BEGIN
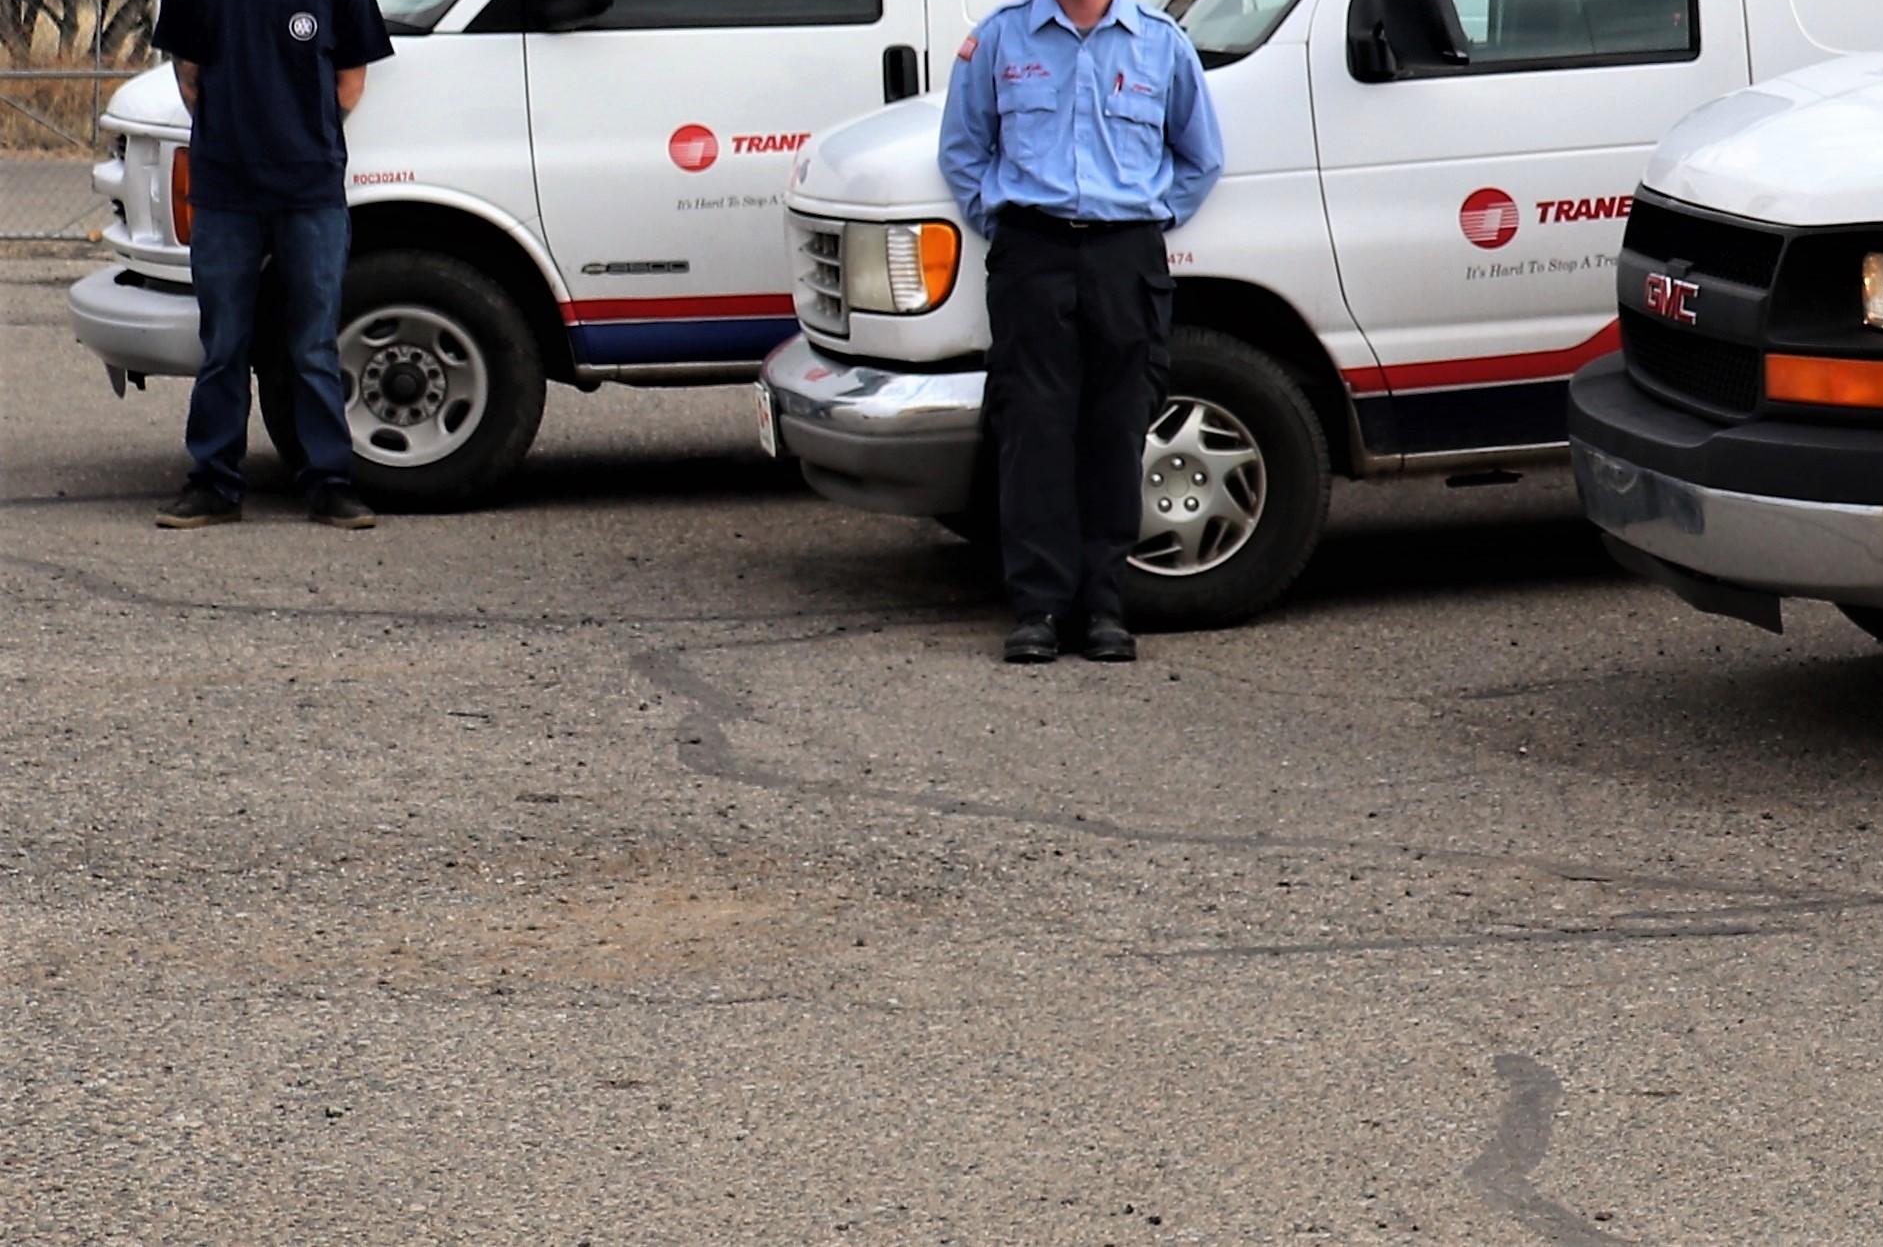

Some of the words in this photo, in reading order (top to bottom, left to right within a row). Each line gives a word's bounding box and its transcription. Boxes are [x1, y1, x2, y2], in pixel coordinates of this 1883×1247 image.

[1536, 195, 1635, 224] TRANE
[1466, 265, 1486, 281] It's
[1489, 262, 1524, 278] Hard
[1529, 259, 1545, 275] To
[1549, 257, 1577, 272] Stop
[1580, 256, 1591, 269] A
[1644, 272, 1699, 325] GMC
END
◆ PROBLEM TO WORK ON
Every line of the data is to be transcribed exactly, and no picture is to be included.

◆ ANSWER FOR THIS EXERCISE
Some of the words in this photo, in reading order (top to bottom, left to right within a row). Each line gives a word's bounding box and its transcription. Boxes are [x1, y1, x2, y2], in pixel coordinates of this 1883×1247 image.

[1536, 195, 1635, 224] TRANE
[1466, 265, 1486, 281] It's
[1489, 262, 1524, 278] Hard
[1529, 259, 1545, 275] To
[1549, 257, 1577, 272] Stop
[1580, 256, 1591, 269] A
[1644, 272, 1699, 325] GMC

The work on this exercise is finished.